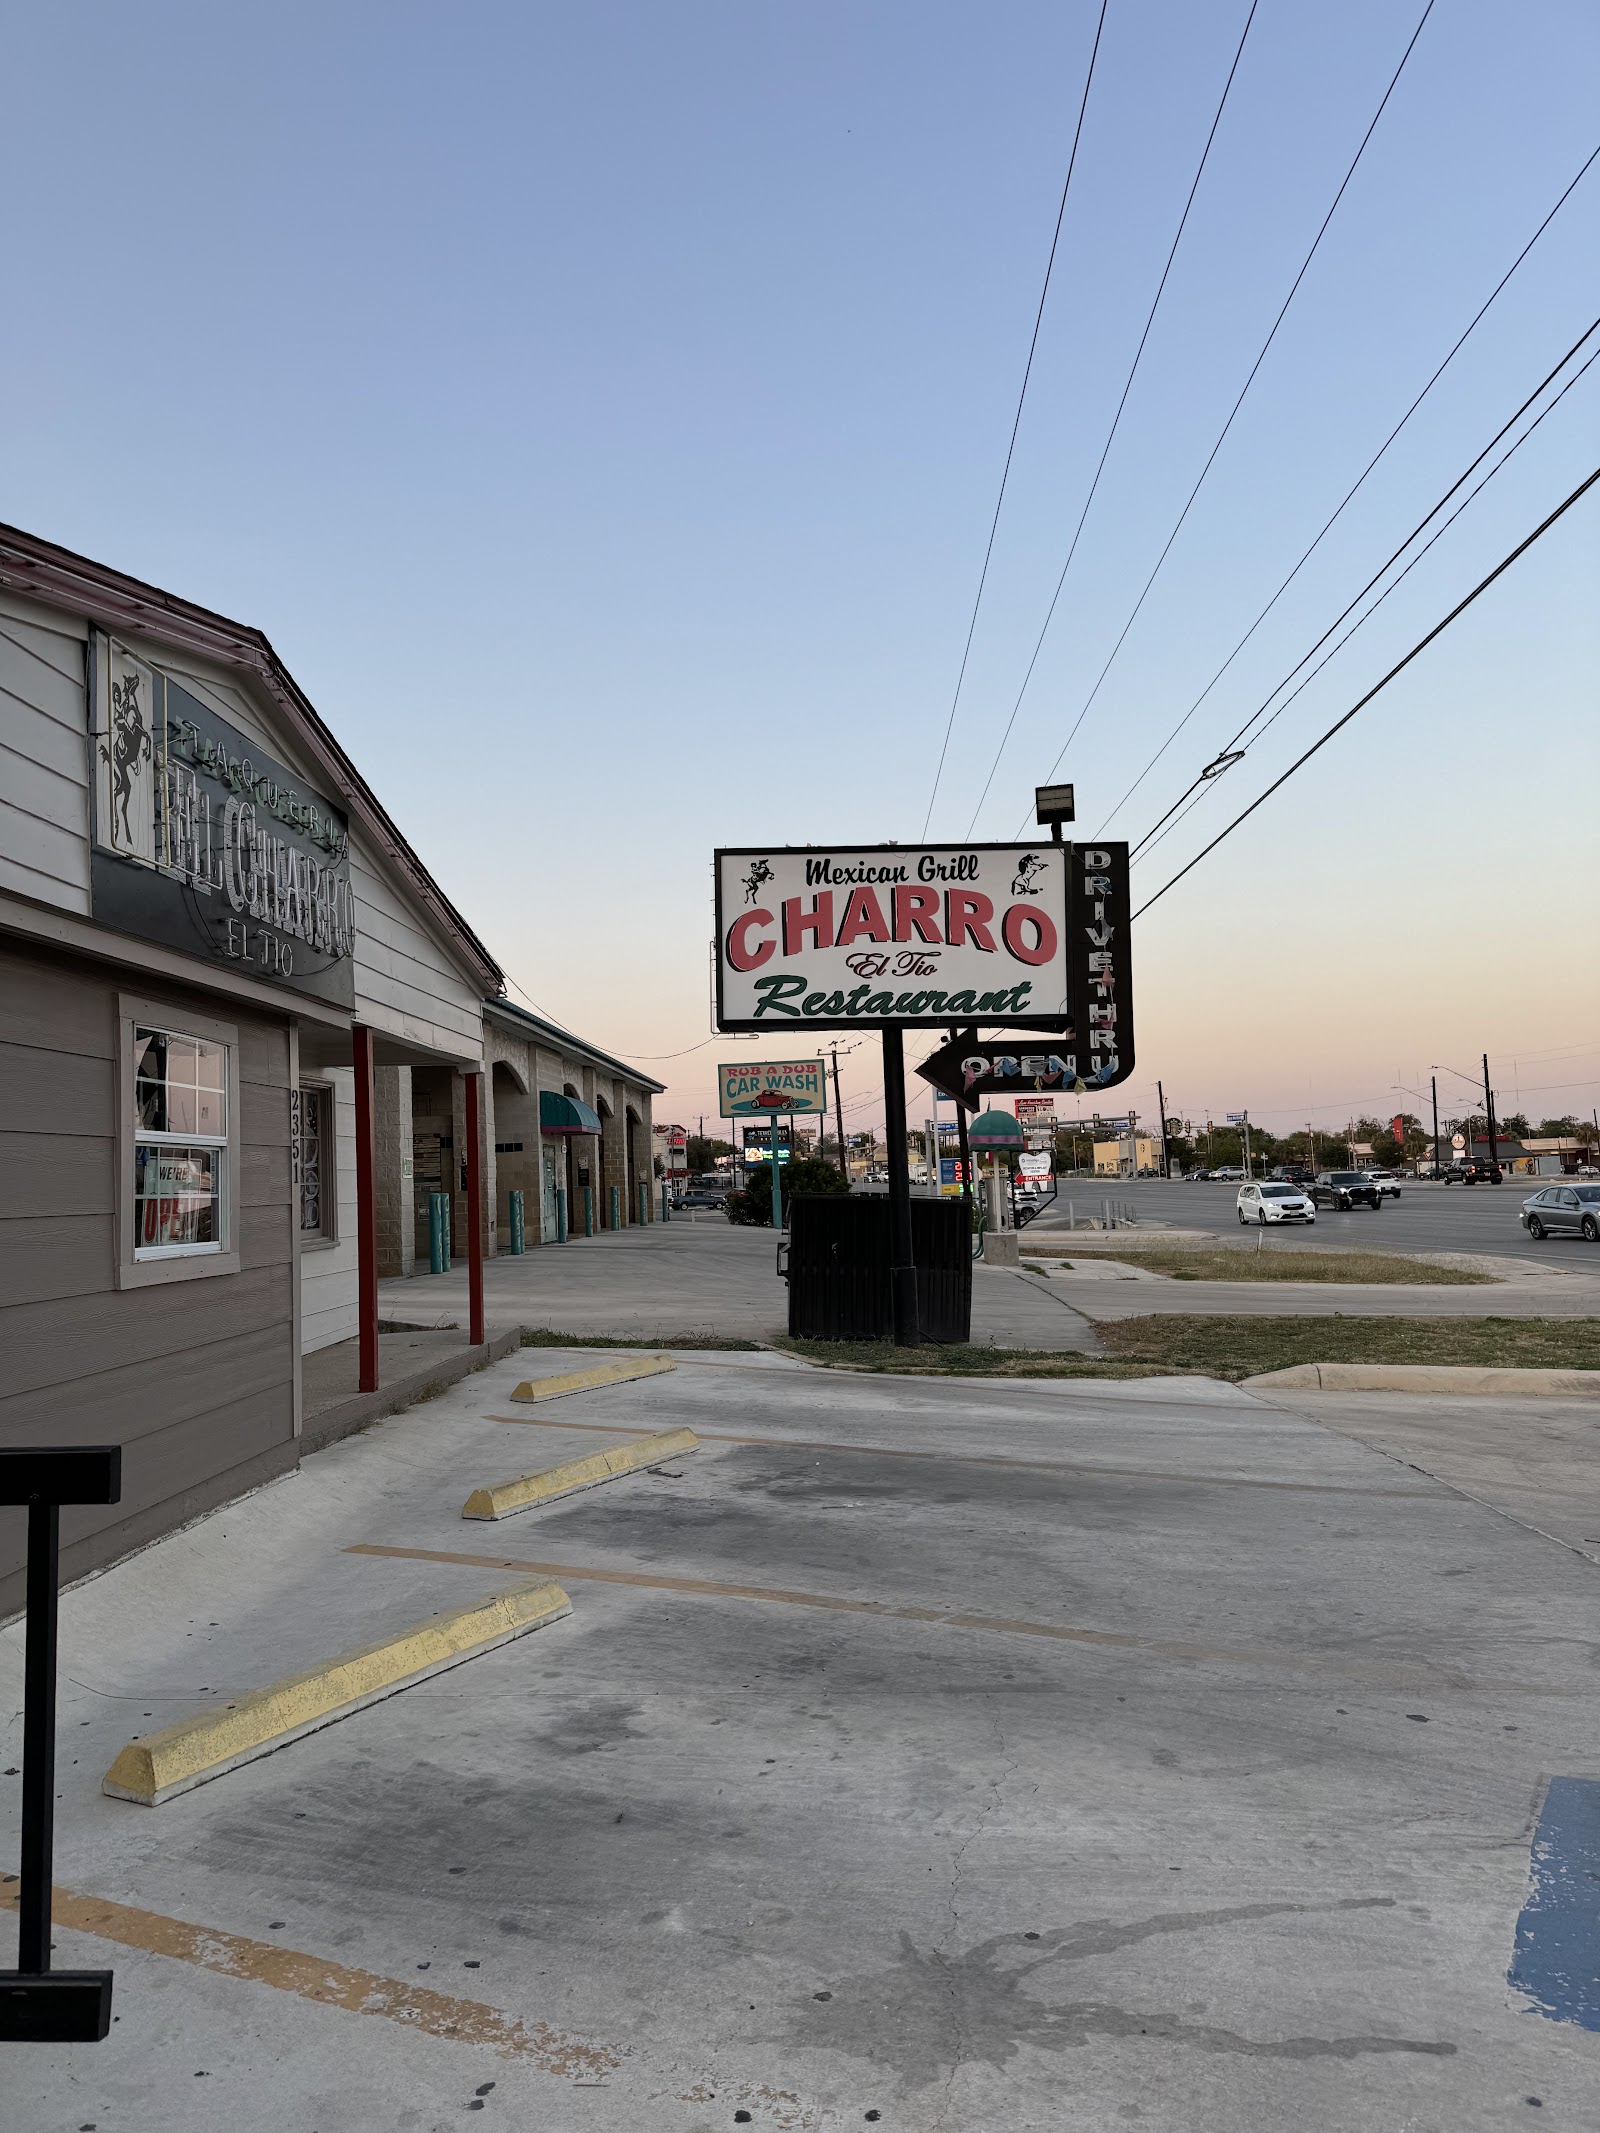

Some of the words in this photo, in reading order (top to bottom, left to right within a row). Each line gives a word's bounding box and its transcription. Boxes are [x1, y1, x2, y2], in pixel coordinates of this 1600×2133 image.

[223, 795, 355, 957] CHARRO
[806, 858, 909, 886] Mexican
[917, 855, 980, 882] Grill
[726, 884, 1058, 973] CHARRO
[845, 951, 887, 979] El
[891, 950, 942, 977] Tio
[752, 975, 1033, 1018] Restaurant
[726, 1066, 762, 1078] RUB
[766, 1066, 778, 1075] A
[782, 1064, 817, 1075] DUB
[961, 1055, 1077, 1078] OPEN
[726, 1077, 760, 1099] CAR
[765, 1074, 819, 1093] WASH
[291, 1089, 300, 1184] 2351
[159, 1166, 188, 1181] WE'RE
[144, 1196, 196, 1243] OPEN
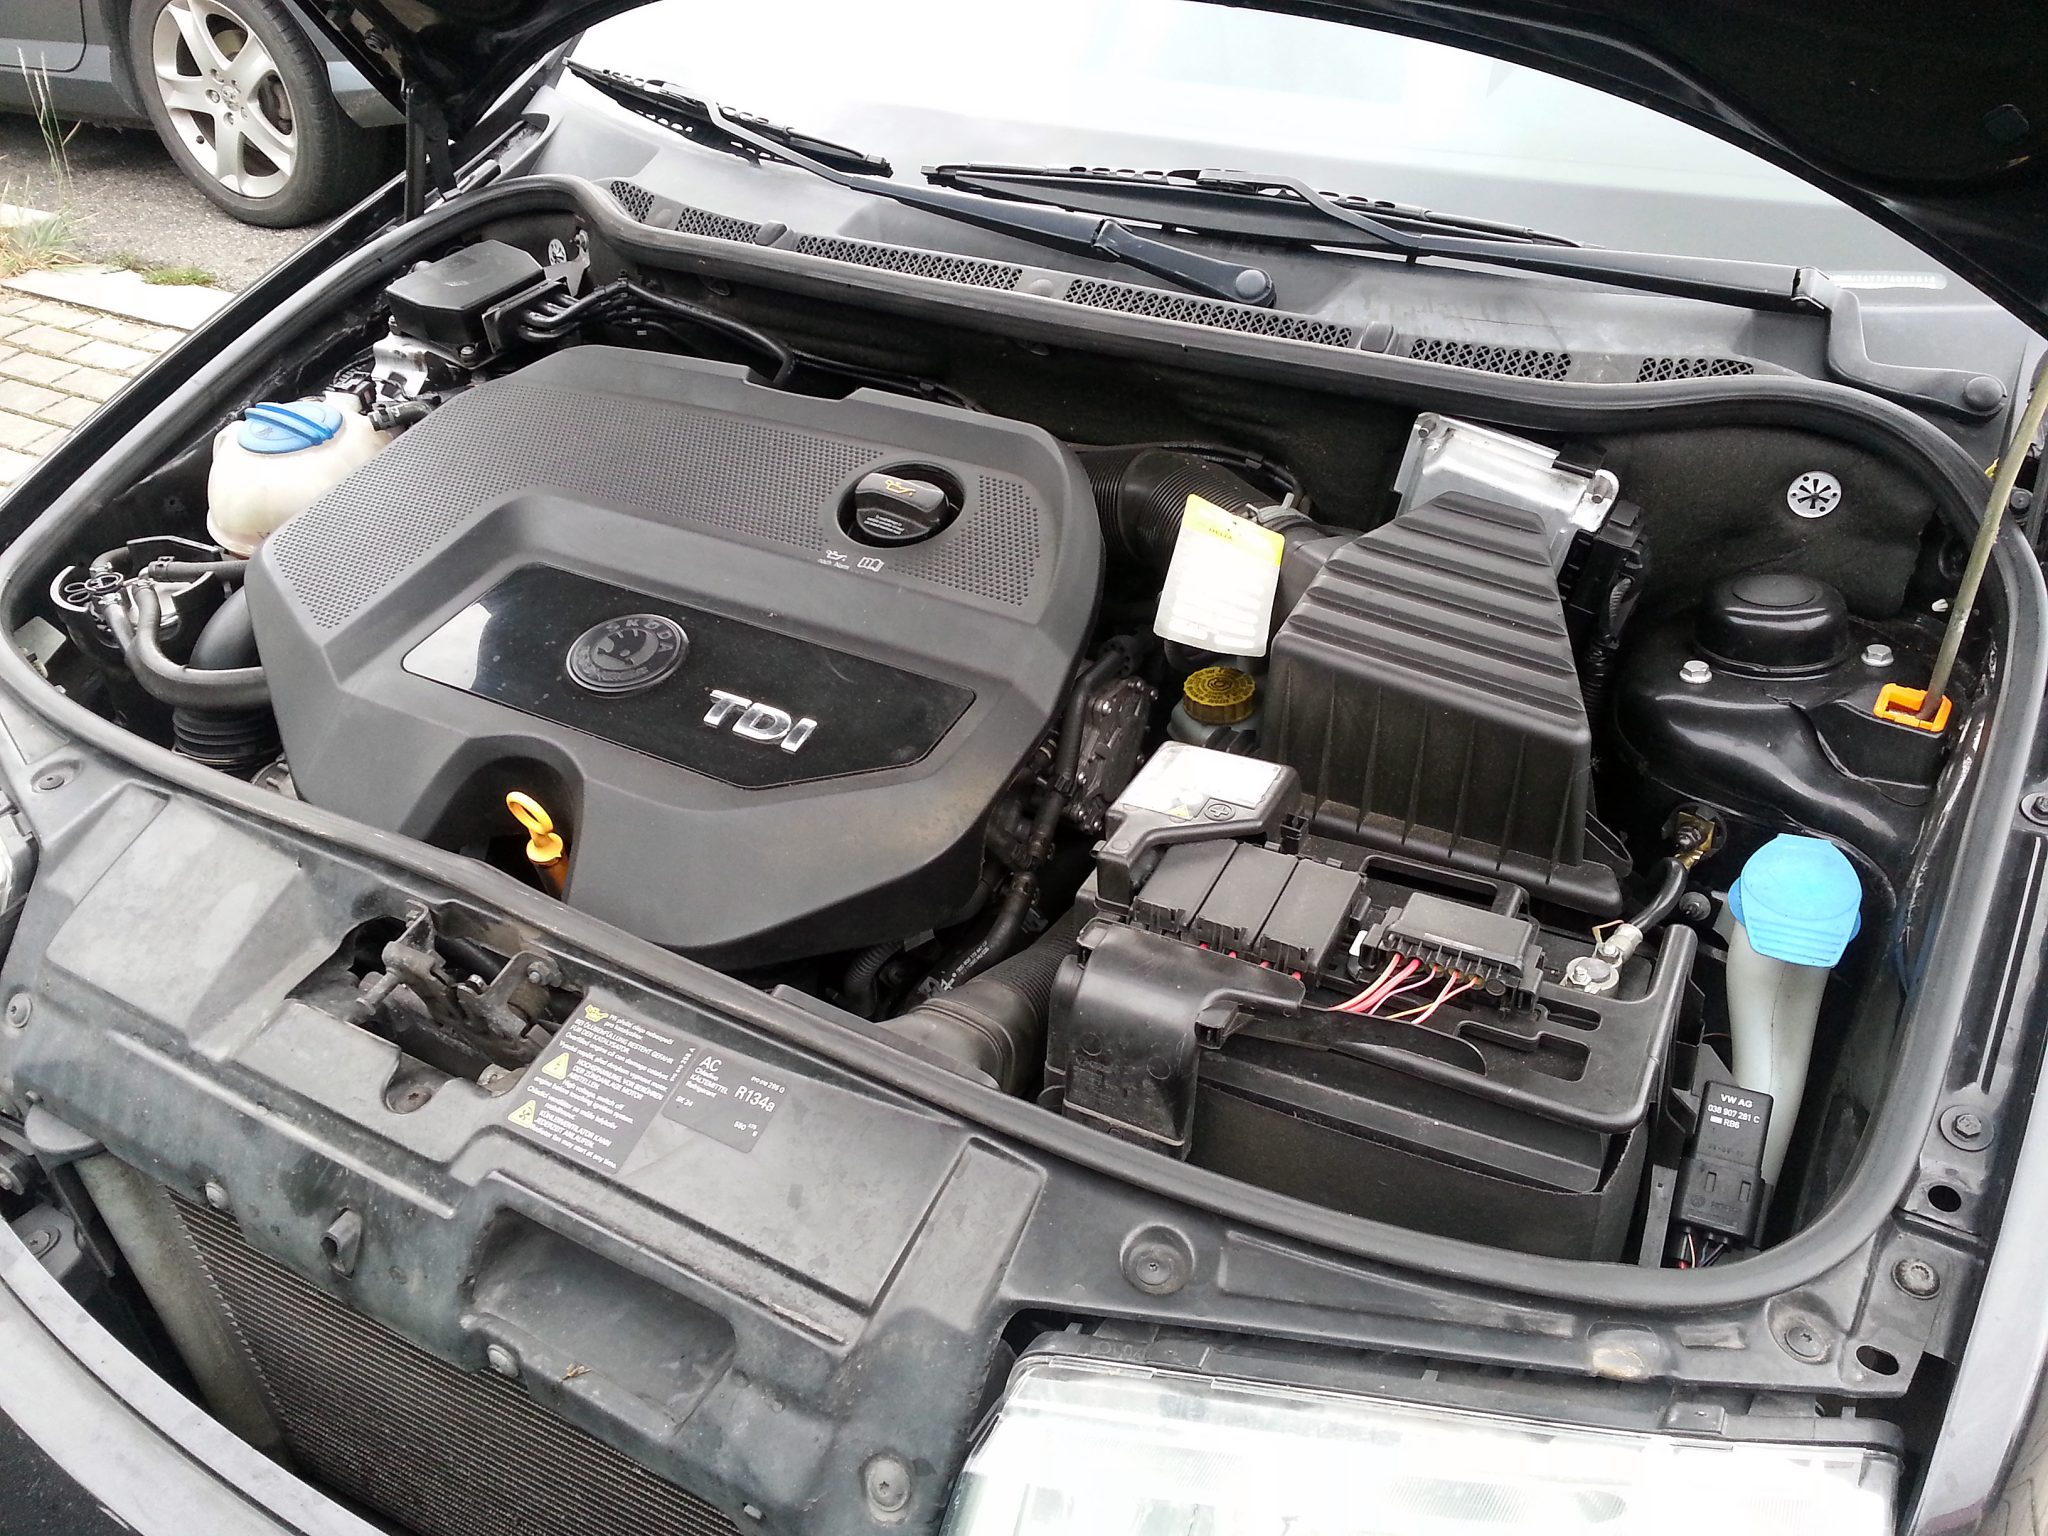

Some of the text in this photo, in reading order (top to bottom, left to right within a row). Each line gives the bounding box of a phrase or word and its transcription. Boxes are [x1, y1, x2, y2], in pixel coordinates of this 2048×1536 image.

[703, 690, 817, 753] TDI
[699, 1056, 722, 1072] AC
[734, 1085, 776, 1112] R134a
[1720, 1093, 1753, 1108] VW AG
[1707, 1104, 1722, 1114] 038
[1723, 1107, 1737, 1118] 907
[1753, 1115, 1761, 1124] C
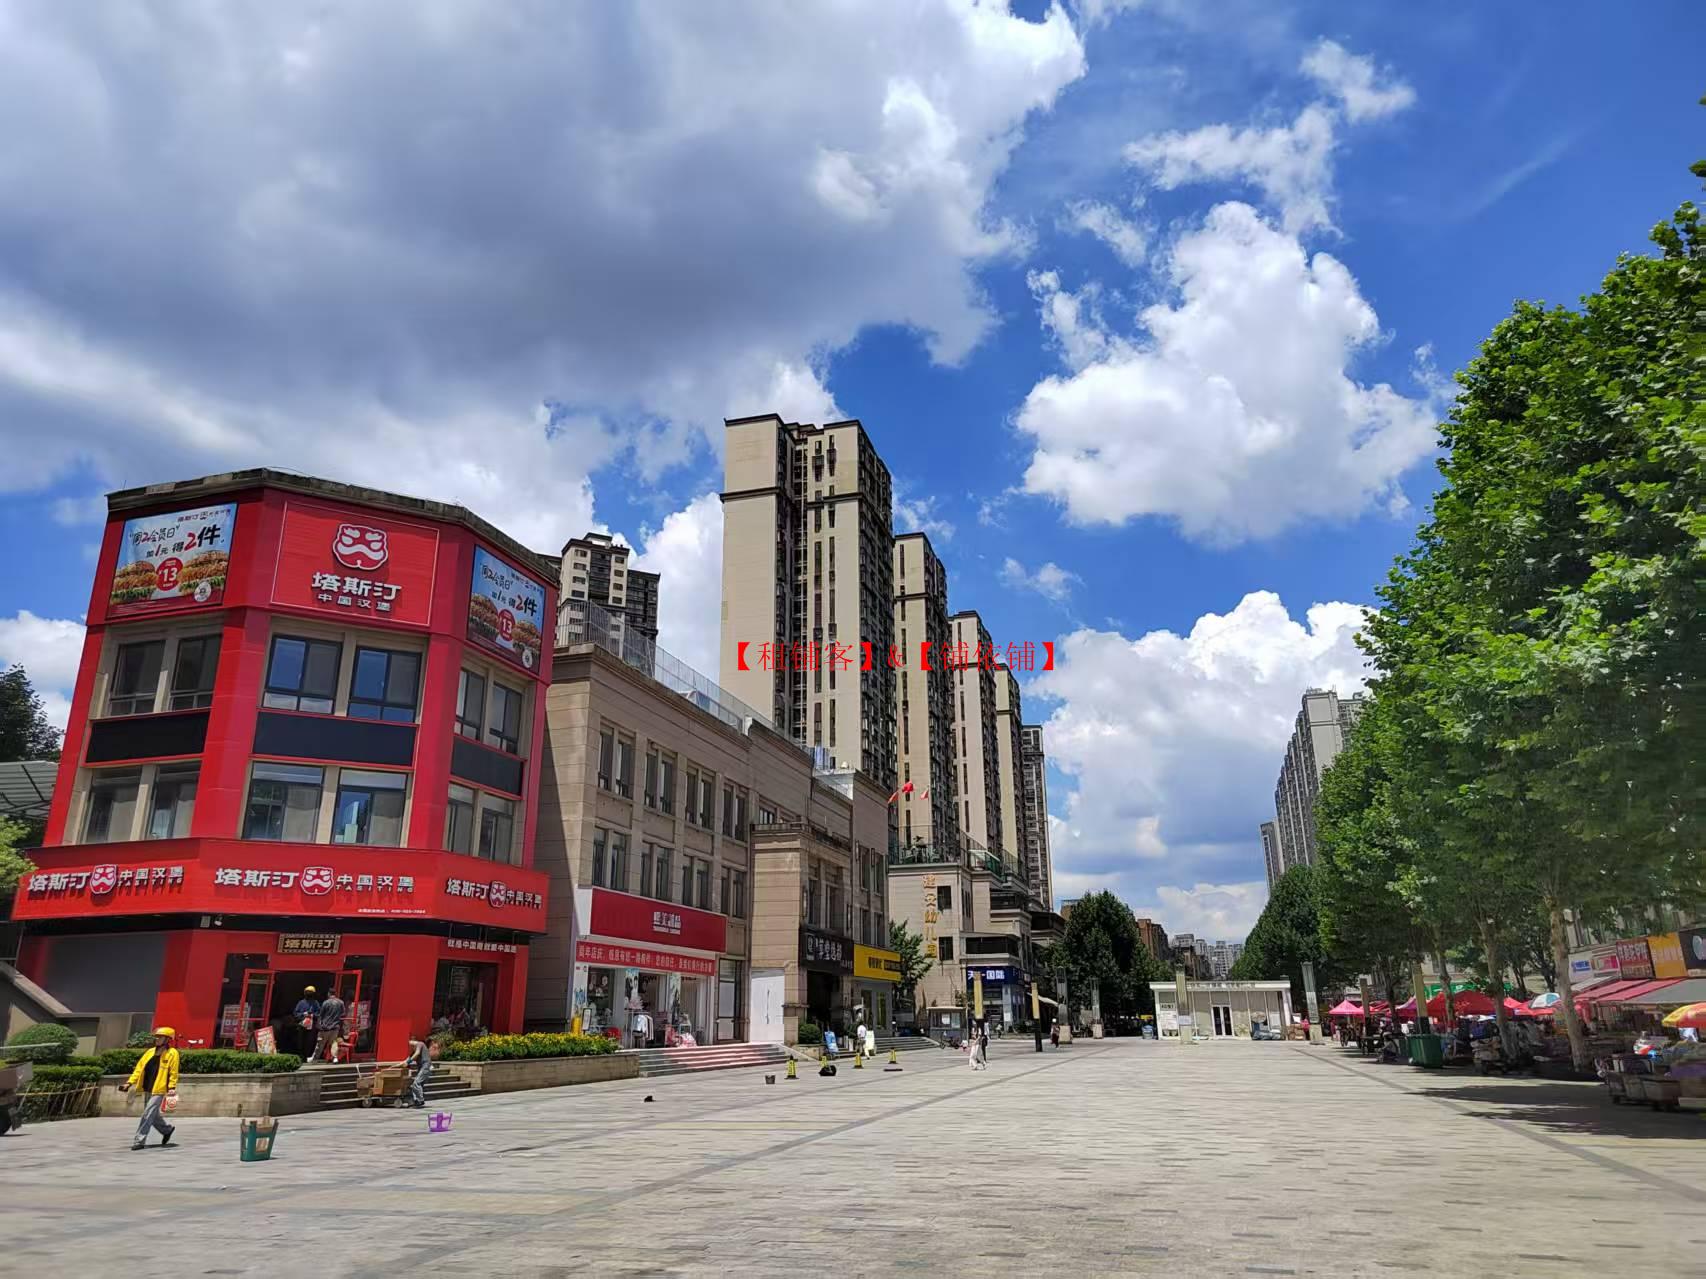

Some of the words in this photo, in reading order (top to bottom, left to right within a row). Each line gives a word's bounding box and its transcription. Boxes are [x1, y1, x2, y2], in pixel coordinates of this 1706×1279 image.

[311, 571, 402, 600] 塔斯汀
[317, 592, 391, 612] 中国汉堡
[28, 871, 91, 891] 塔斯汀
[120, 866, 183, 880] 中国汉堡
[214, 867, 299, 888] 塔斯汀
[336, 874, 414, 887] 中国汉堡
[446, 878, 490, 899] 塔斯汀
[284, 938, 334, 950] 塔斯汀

○ ○ ○ ○ ○

§ **Task details**: Output the records above exactly; leave out the pictures.

§ **Result for this exercise**:
Some of the words in this photo, in reading order (top to bottom, left to right within a row). Each line gives a word's bounding box and its transcription. Boxes are [x1, y1, x2, y2], in pixel coordinates of this 1600×2133 image.

[223, 795, 355, 957] CHARRO
[806, 858, 909, 886] Mexican
[917, 855, 980, 882] Grill
[726, 884, 1058, 973] CHARRO
[845, 951, 887, 979] El
[891, 950, 942, 977] Tio
[752, 975, 1033, 1018] Restaurant
[726, 1066, 762, 1078] RUB
[766, 1066, 778, 1075] A
[782, 1064, 817, 1075] DUB
[961, 1055, 1077, 1078] OPEN
[726, 1077, 760, 1099] CAR
[765, 1074, 819, 1093] WASH
[291, 1089, 300, 1184] 2351
[159, 1166, 188, 1181] WE'RE
[144, 1196, 196, 1243] OPEN

Some of the text in this photo, in reading order (top to bottom, left to right within a row). Each line gives the bounding box of a phrase or word and its transcription. Boxes are [x1, y1, x2, y2], in pixel coordinates of this 2048×1536 image.

[703, 690, 817, 753] TDI
[699, 1056, 722, 1072] AC
[734, 1085, 776, 1112] R134a
[1720, 1093, 1753, 1108] VW AG
[1707, 1104, 1722, 1114] 038
[1723, 1107, 1737, 1118] 907
[1753, 1115, 1761, 1124] C

Some of the words in this photo, in reading order (top to bottom, left to right within a row). Each line gives a word's bounding box and its transcription. Boxes are [x1, y1, x2, y2], in pixel coordinates of this 1706×1279 image.

[311, 571, 402, 600] 塔斯汀
[317, 592, 391, 612] 中国汉堡
[28, 871, 91, 891] 塔斯汀
[120, 866, 183, 880] 中国汉堡
[214, 867, 299, 888] 塔斯汀
[336, 874, 414, 887] 中国汉堡
[446, 878, 490, 899] 塔斯汀
[284, 938, 334, 950] 塔斯汀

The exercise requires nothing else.